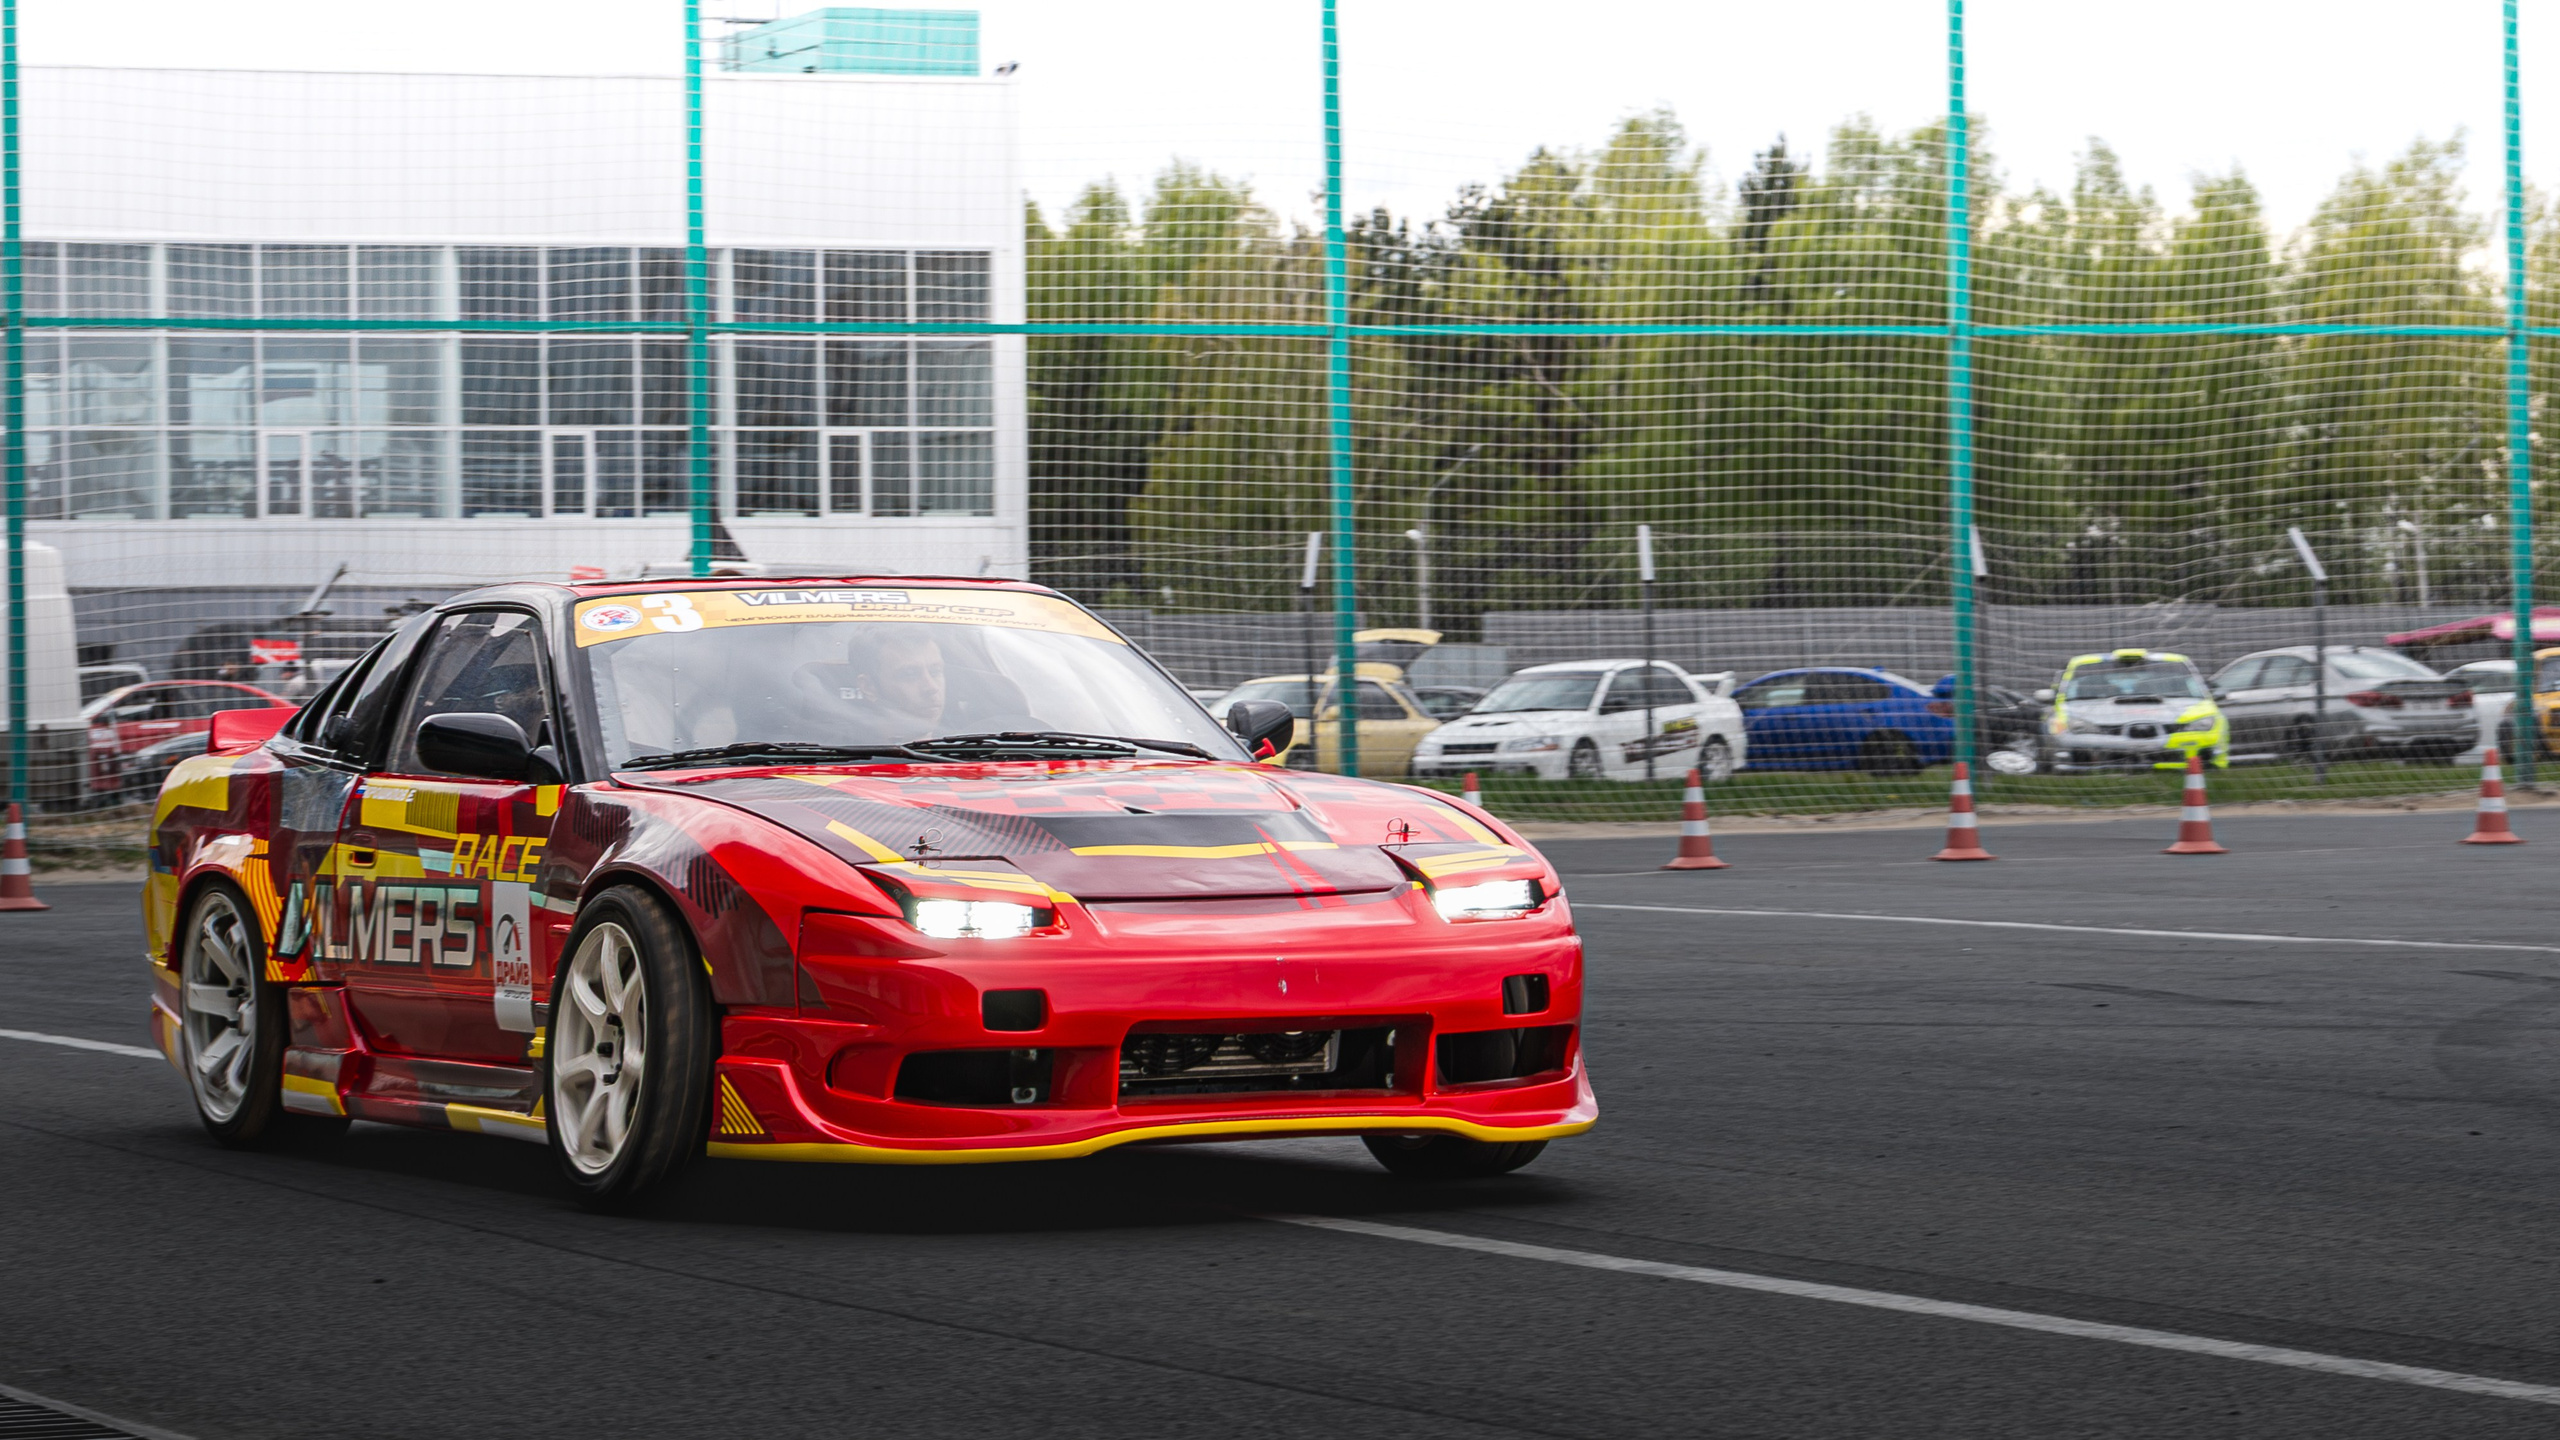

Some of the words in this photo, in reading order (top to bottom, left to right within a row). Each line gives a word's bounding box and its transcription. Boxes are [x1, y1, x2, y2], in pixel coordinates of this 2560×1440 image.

[641, 593, 704, 632] 3
[734, 590, 910, 606] VILMERS
[851, 603, 946, 613] DRIFT
[949, 605, 1015, 617] CUP
[449, 833, 548, 883] RACE
[496, 957, 529, 987] ДРАЙВ
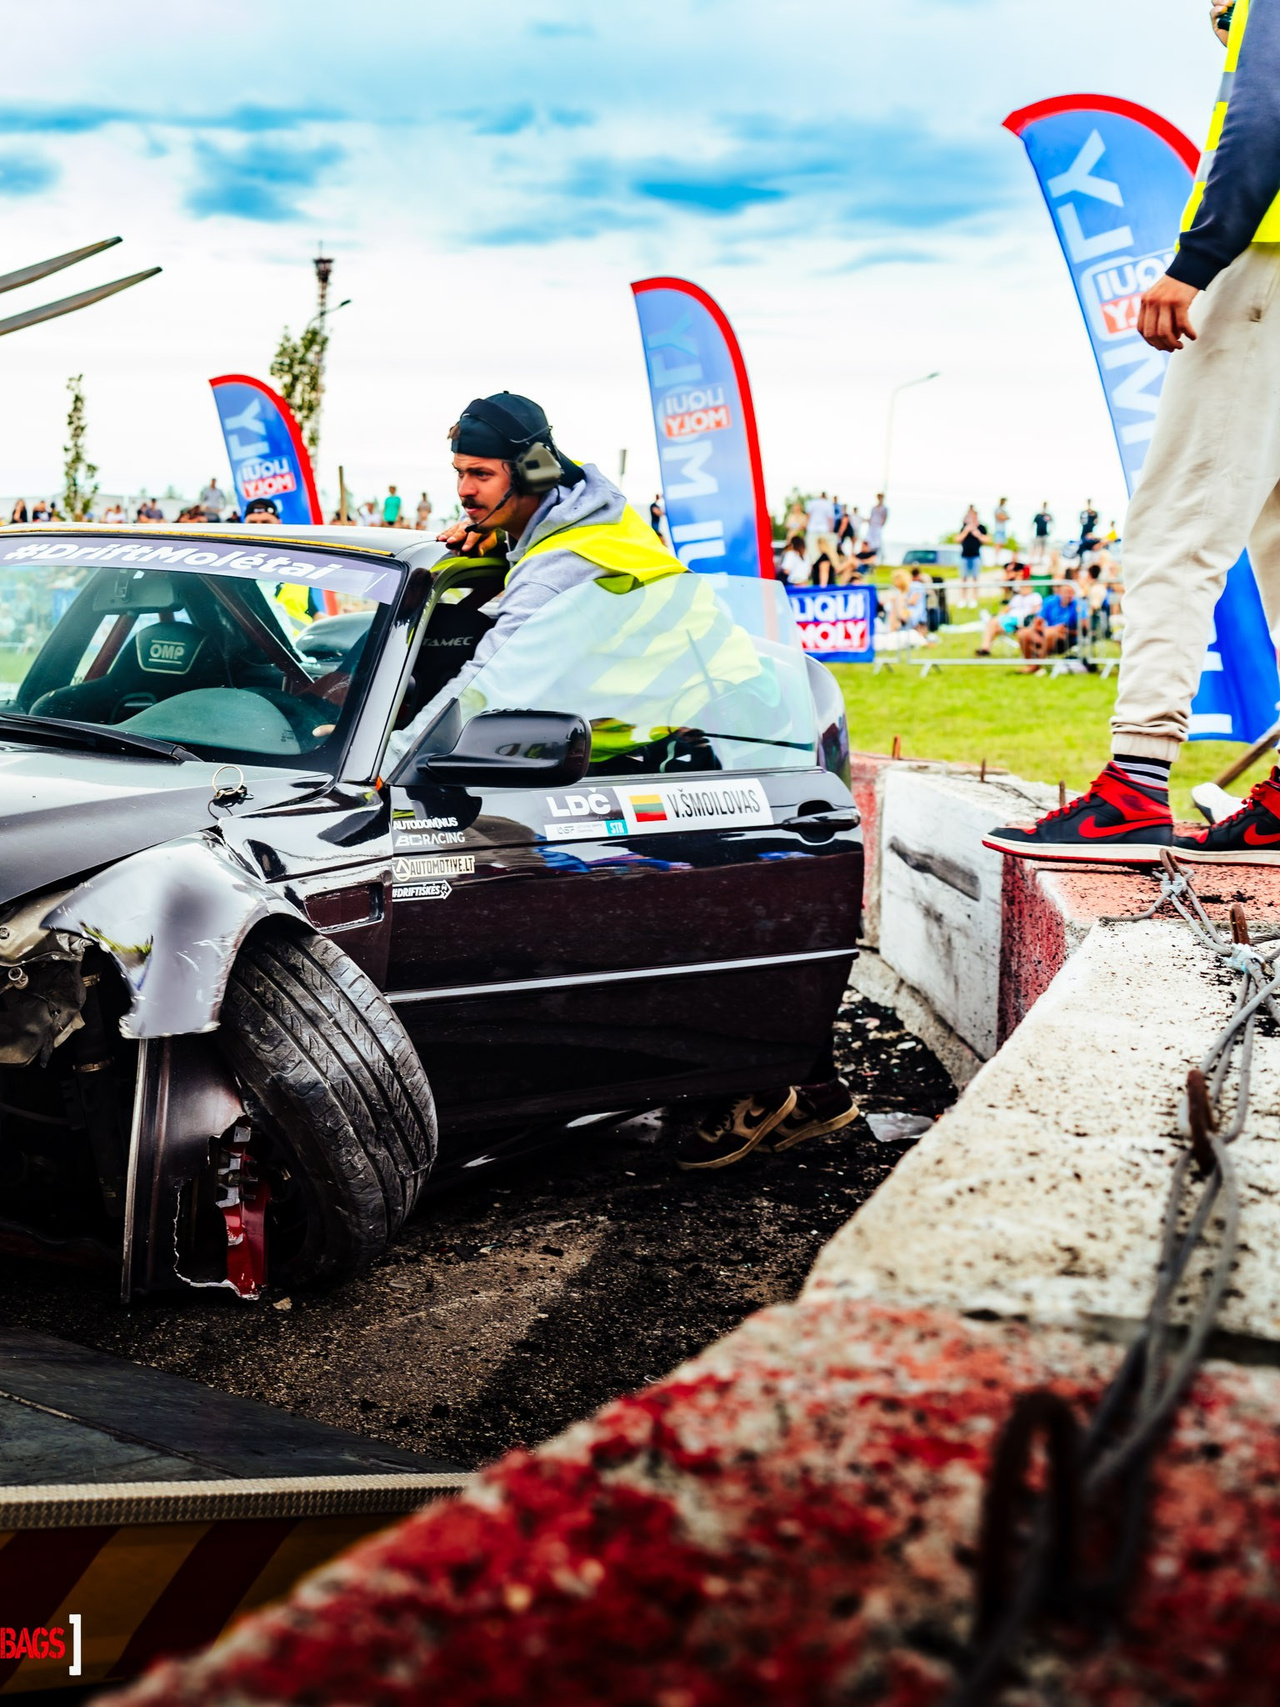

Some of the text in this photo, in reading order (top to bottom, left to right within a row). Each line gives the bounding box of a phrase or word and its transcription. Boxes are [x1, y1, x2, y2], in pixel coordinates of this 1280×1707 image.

[150, 644, 184, 659] OMP
[666, 789, 760, 818] V.ŠMOILOVAS
[410, 858, 473, 876] AUTOMOTIVE.LT

####################

WORK REQUEST:
From start to finish, output the listing exactly, but omit its pictures.

THE ANSWER:
Some of the words in this photo, in reading order (top to bottom, left to right within a row). Each line gives a word's bounding box and its transcription. Boxes are [x1, y1, x2, y2], in pixel coordinates of this 2560×1440 image.

[641, 593, 704, 632] 3
[734, 590, 910, 606] VILMERS
[851, 603, 946, 613] DRIFT
[949, 605, 1015, 617] CUP
[449, 833, 548, 883] RACE
[496, 957, 529, 987] ДРАЙВ

Some of the text in this photo, in reading order (top to bottom, left to right within a row). Each line gives the bounding box of a phrase or word and its transcription. Boxes are [x1, y1, x2, y2], in pixel coordinates of this 1280×1707 image.

[150, 644, 184, 659] OMP
[666, 789, 760, 818] V.ŠMOILOVAS
[410, 858, 473, 876] AUTOMOTIVE.LT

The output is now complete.